Giovanni Ferrara (1928-2007), professore universitario, scrittore, senatore della Repubblica, collaboratore assiduo di giornali, militante repubblicano, fu tra i collaboratori del “Mondo”, il prestigioso settimanale diretto da Mario Pannunzio, voce della coscienza laica del Paese tra gli ultimi anni Cinquanta e i Sessanta. La sua nota coglie uno dei vizi destinati a perpetuarsi ed anzi ad aggravarsi nel succedersi dei governi italiani: l’eccessivo numero dei sottosegretari (col secondo governo Prodi avrebbero superato i 100), ma anche la genericità e occasionalità dei compiti loro affidati, la casualità della scelta (in genere dettata da rigidi criteri di appartenenza partitica). Il terzo governo Rumor, del quale qui Ferrara si occupa, restò in carica dal 27 marzo al 6 luglio del 1970.

L’organico del terzo governo Rumor: 27 ministri e 56 sottosegretari. Il numero dei sottosegretari è parso naturalmente enorme ed ha provocato scandalo e ironie. Anche molti politici responsabili erano contrari: si dice, per esempio, che il senatore Fanfani, durante i colloqui per il suo fallito tentativo di formare un governo, abbia detto alle delegazioni dei partiti d’essere contrario a concedere 56 sottosegretari (“fateveli dare da Rumor”, avrebbe aggiunto).

Bisogna però non fermarsi alle apparenze. L’aspetto grave della questione non sta, infatti, tanto nel numero in sé, quanto nell’assenza di una razionale organizzazione delle funzioni del governo nel suo insieme.

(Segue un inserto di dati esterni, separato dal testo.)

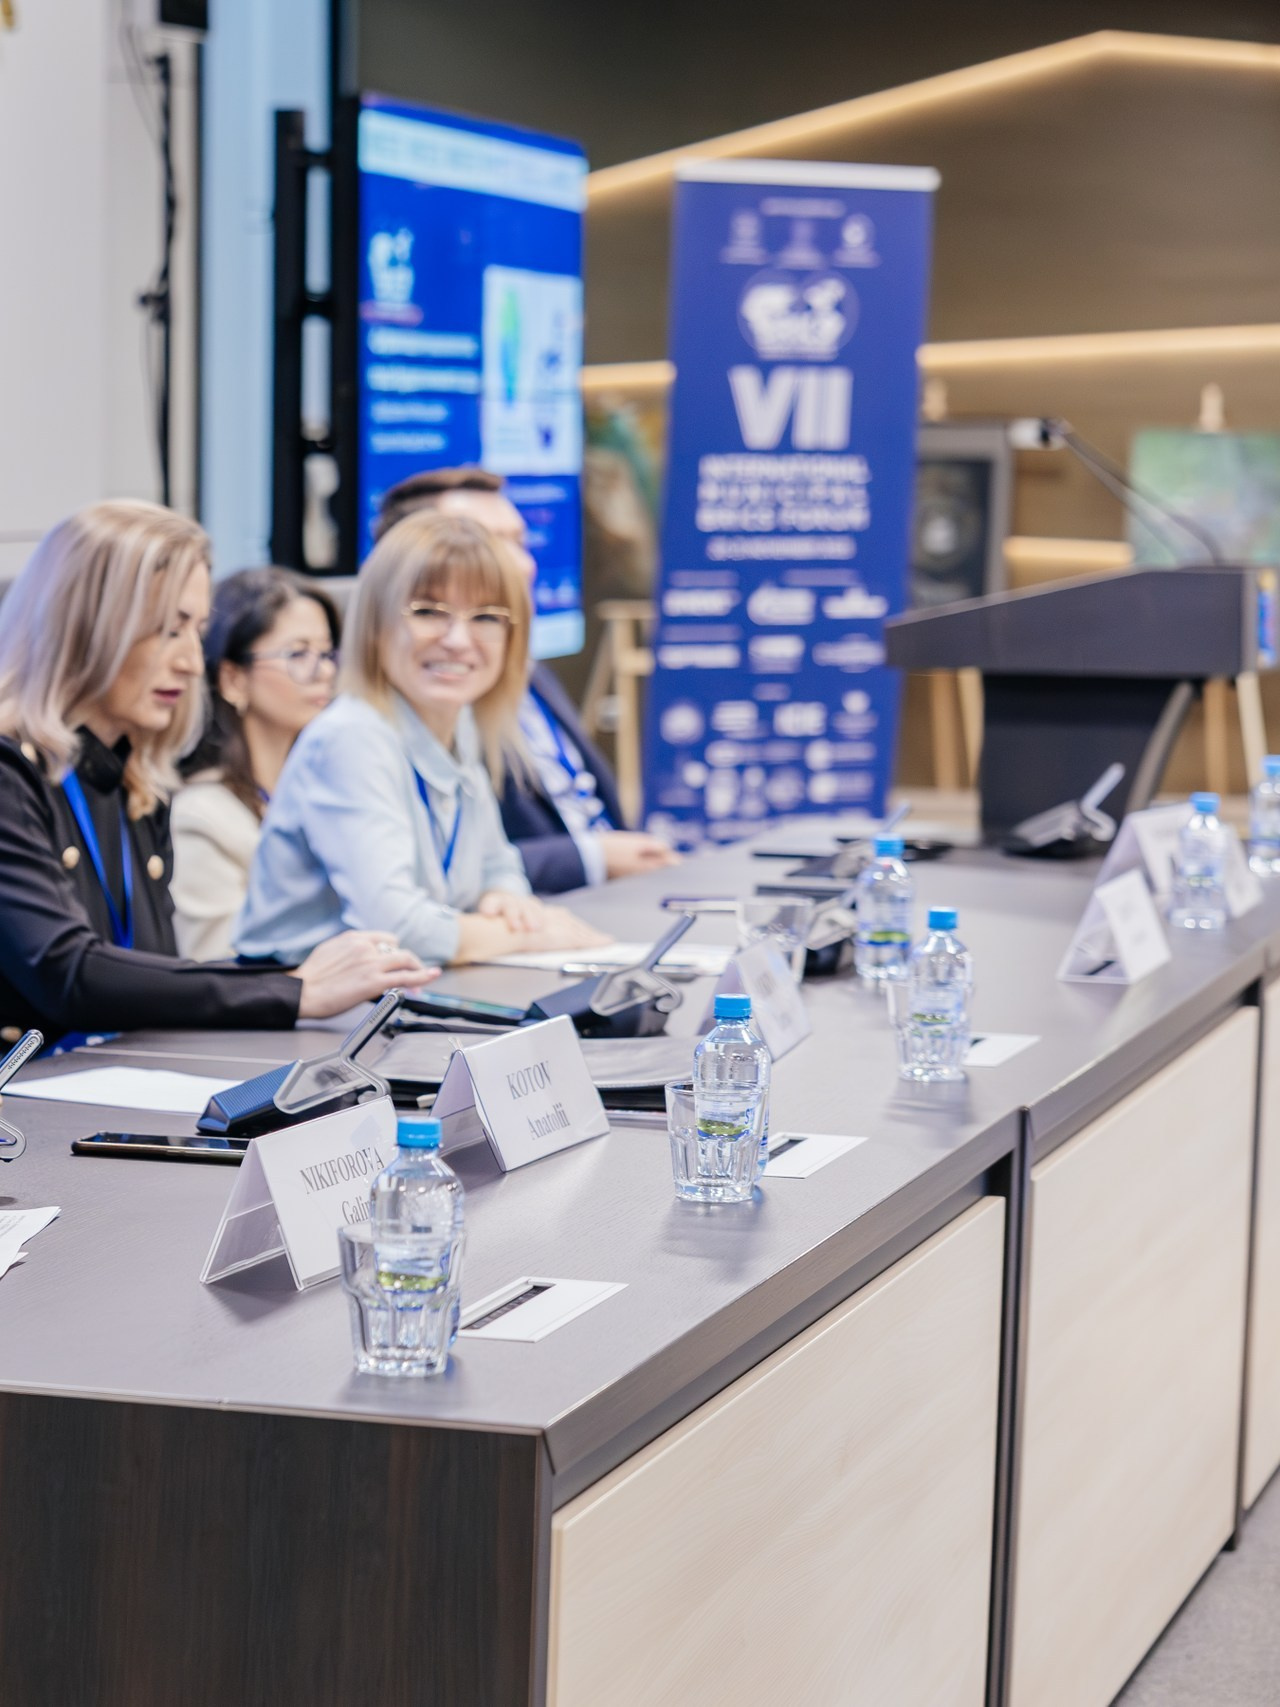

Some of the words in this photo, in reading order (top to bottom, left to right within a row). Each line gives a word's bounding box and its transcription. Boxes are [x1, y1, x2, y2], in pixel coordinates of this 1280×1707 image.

[726, 363, 855, 451] VII
[505, 1060, 552, 1100] KOTOV
[299, 1147, 386, 1195] NIKIFOROVA

In teoria 2 sottosegretari (in media) per ogni ministero non sarebbero troppi, se i loro compiti fossero precisati e coordinati. Il sottosegretario potrebbe molto utilmente esercitare la funzione di rappresentante responsabile del ministro nei rapporti col parlamento, con le categorie dei cittadini i cui interessi siano toccati dalla politica del ministero e con i vari settori della burocrazia ministeriale; una sorta di super-direttore generale politico, cioè. In qualche ministero di fatto avviene ma nella maggior parte no, e in questi il sottosegretario sta solo a rappresentare gli interessi elettorali suoi e del suo partito.

Questa grave disfunzione, del resto, ne presuppone un’altra ancora più grave. In tanti anni di repubblica non s’è ancora provveduto a stabilire con una legge i poteri e i compiti del presidente del consiglio e a fissare i criteri di funzionamento del governo nel suo insieme, quali siano le responsabilità tecniche dei singoli ministeri e i limiti dell’iniziativa politica dei ministri. La collegialità del governo rimane un fatto vago, l’efficienza nel complesso è scarsissima. È ora di farla questa legge, e di fissare questi criteri, mettendo fine alla situazione attuale per cui il governo è, di fatto, una coalizione di decine e decine di ministri e sottosegretari.

Giovanni Ferrara, Sottosegretari senza compiti, in “Il Mondo”, 12 aprile 1970, p. 2.